(58)【調査した分野】(Int.Cl.,DB名)
互いに重ならない異なる通過帯域特性を有する複数のフィルタ手段であって、1シンボル期間が有効シンボル期間と該有効シンボル期間の信号の一部が複写されたガード期間とからなるOFDM(Orthogonal Frequency Division Multiplexing)信号を各々が入力する複数のフィルタ手段と、
前記複数のフィルタ手段の各々を通過した信号から、複数の時間位置での自己相関を表す物理量を演算する演算手段と、
前記演算手段により演算された前記物理量の前記ガード期間の時間平均を自己相関信号として生成する複数の自己相関生成手段と、
前記複数のフィルタ手段の各出力信号を、所定周期毎に切り替えて入力し、前記演算手段に対して出力する第1切替手段と、
前記演算手段の出力信号を入力して、前記所定周期毎に切り替えて前記自己相関生成手段に出力する第2切替手段と、
を含む相関器。
前記複数の自己相関生成手段により生成された各々の自己相関信号を入力し、各自己相関信号に基づいて、時間同期を得るのに適した自己相関を1つ選択又は生成して出力する自己相関出力手段を更に含む請求項1記載の相関器。

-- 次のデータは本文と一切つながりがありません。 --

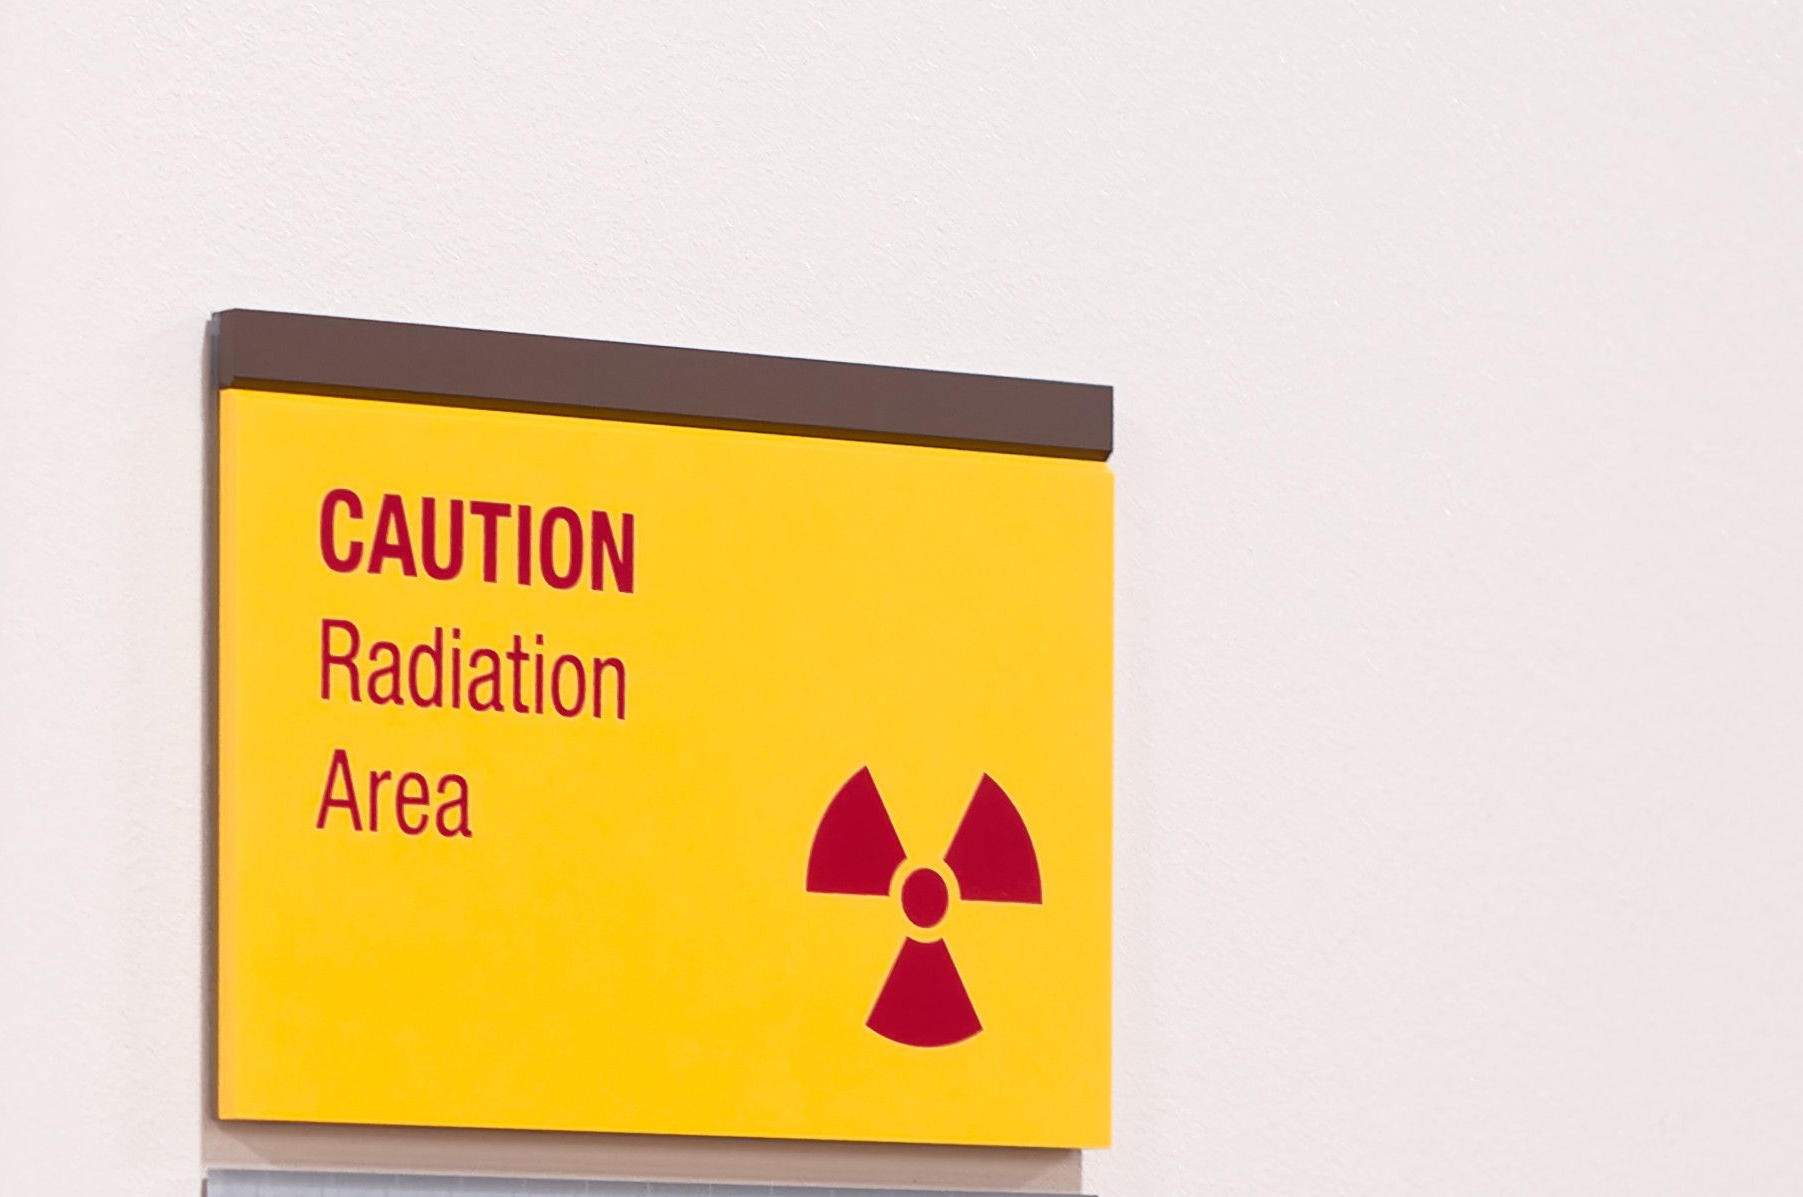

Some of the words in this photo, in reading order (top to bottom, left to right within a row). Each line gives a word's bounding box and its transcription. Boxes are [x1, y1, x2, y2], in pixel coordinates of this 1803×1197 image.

[319, 488, 636, 595] CAUTION
[319, 618, 627, 721] Radiation
[315, 748, 474, 838] Area
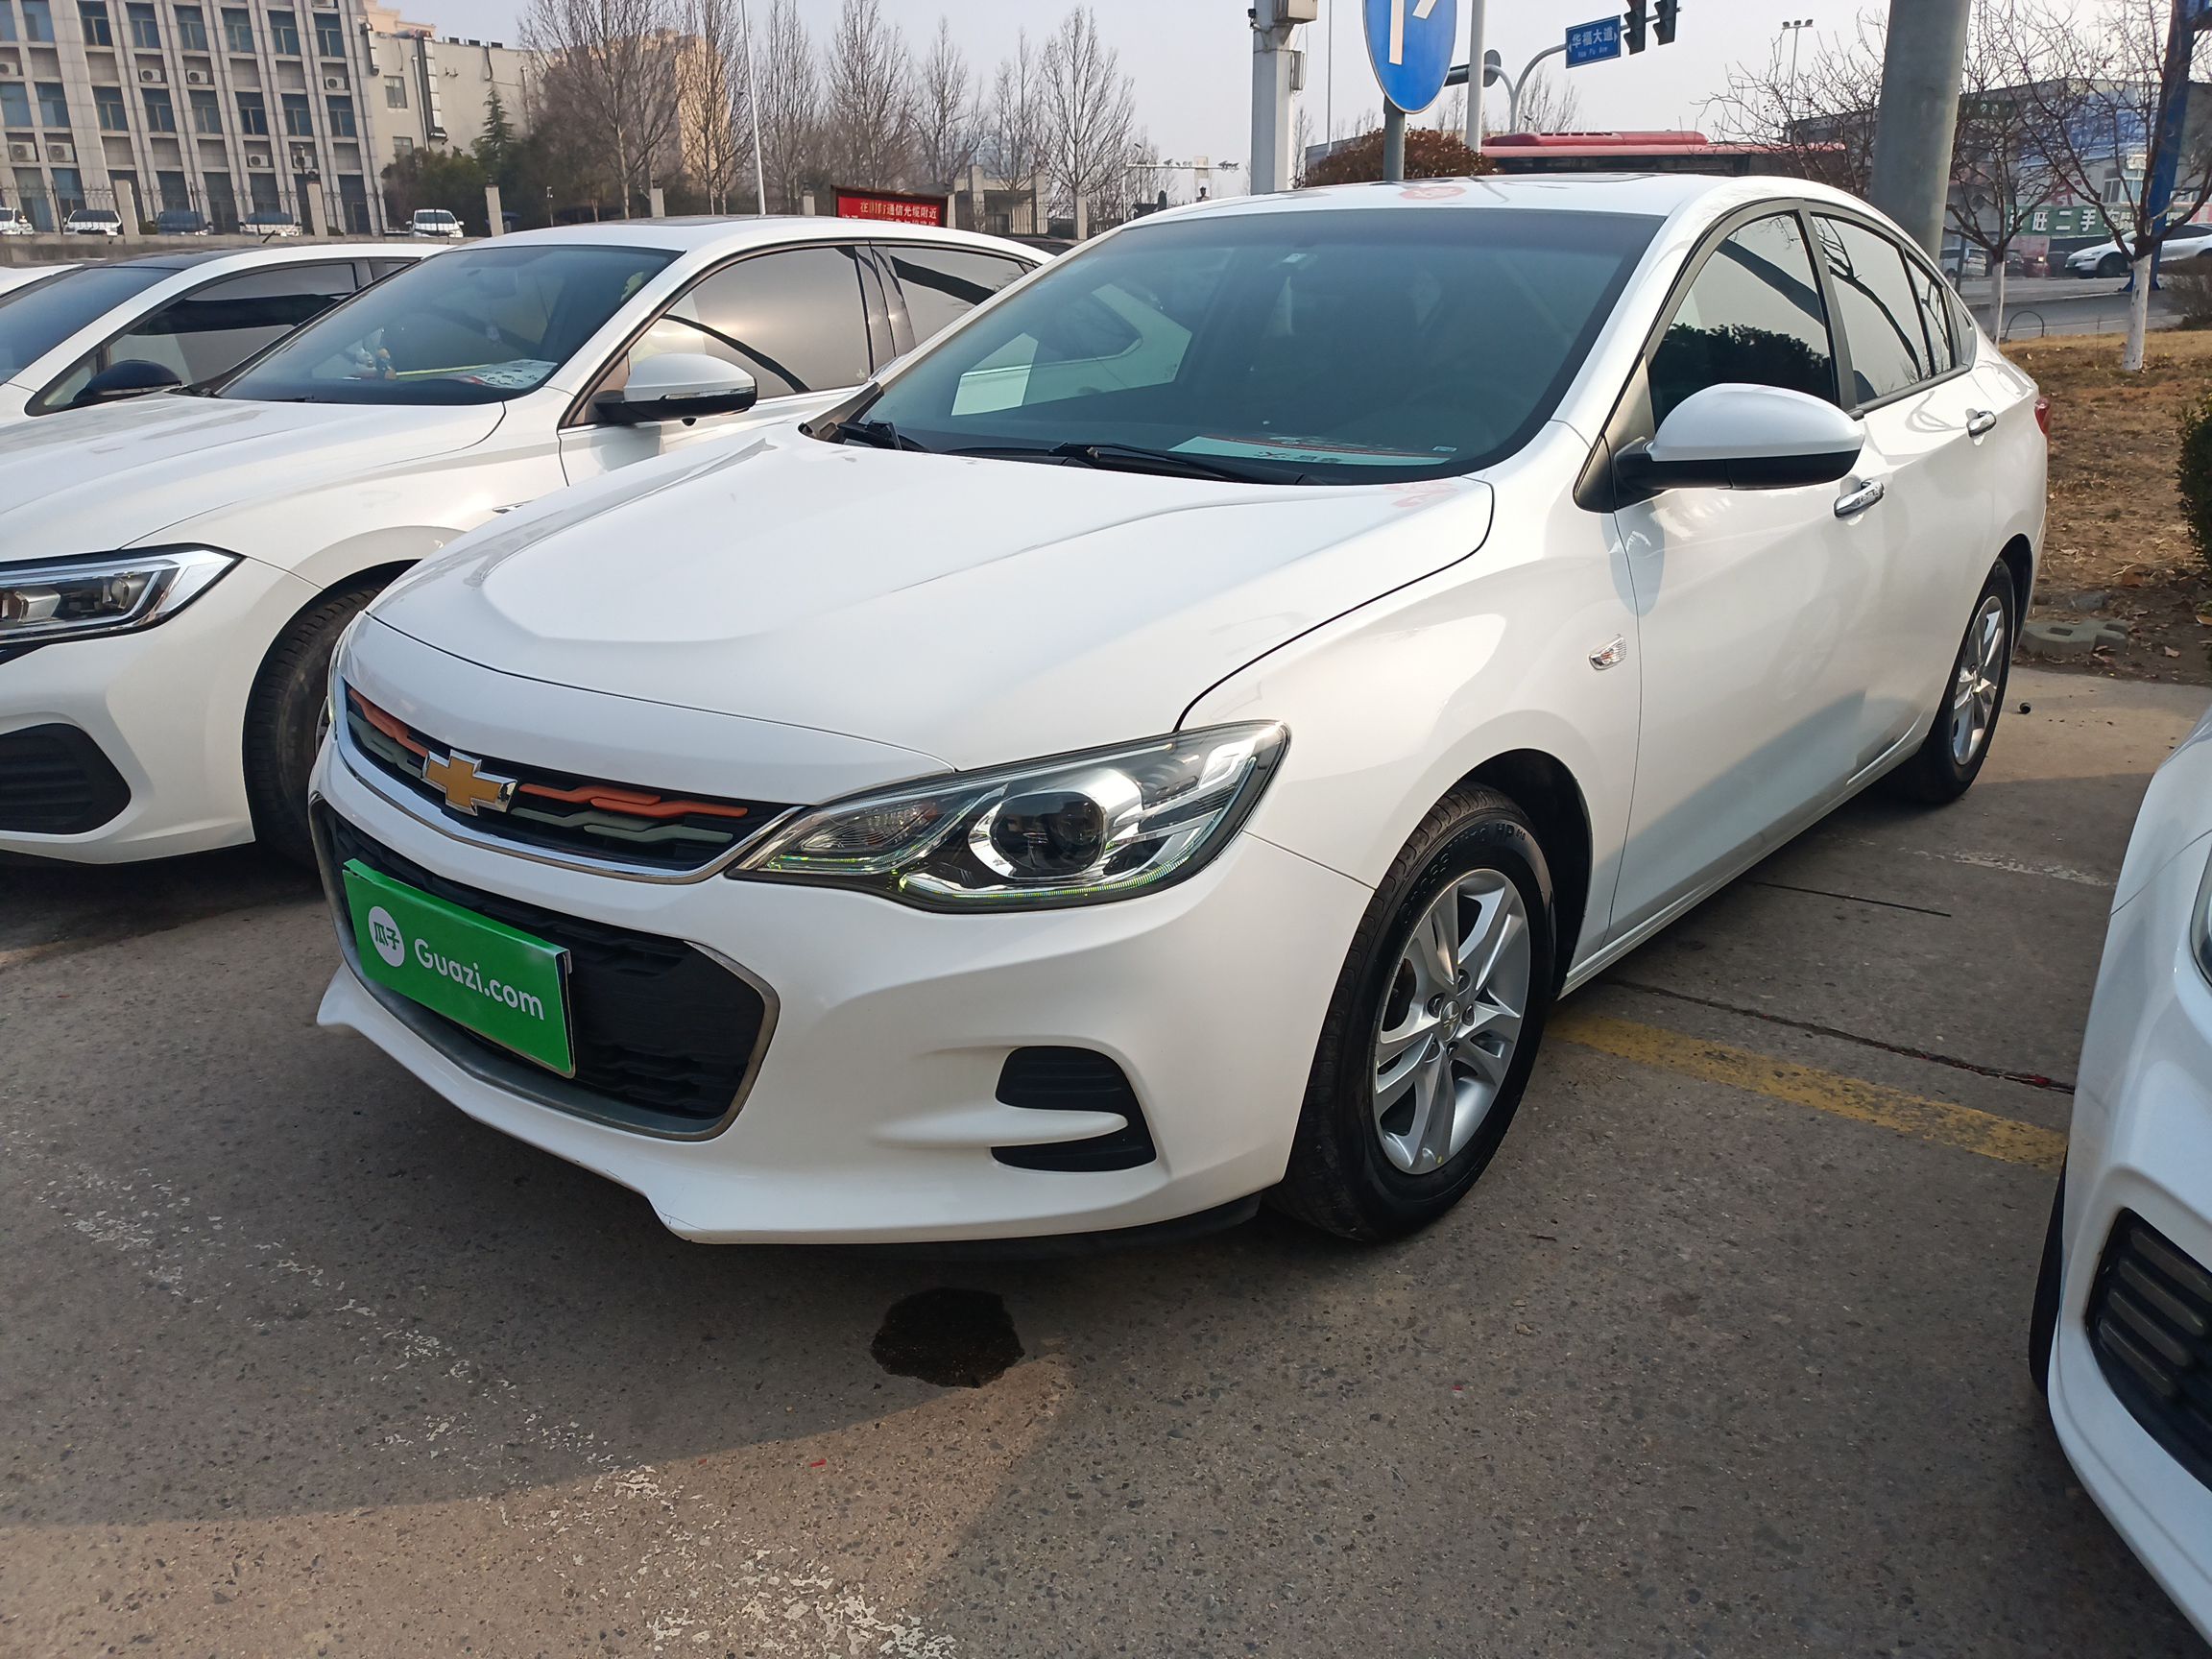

前記自己相関出力手段は、前記複数の自己相関生成手段により生成された各々の自己相関信号のうち、最も大きい最大値を有する自己相関信号を選択出力する請求項2記載の相関器。
前記自己相関出力手段は、前記複数の自己相関生成手段により生成された各々の自己相関信号のうち、最も大きい最大値を有する自己相関信号を抽出し、該最大値に1未満の所定の係数を掛けて閾値を設定し、残りの自己相関信号のうち、前記閾値よりも大きい最大値を有する自己相関を抽出し、最大値が最も大きい自己相関信号と、抽出された、前記閾値よりも大きい最大値を有する自己相関信号を加算合成して出力する請求項2記載の相関器。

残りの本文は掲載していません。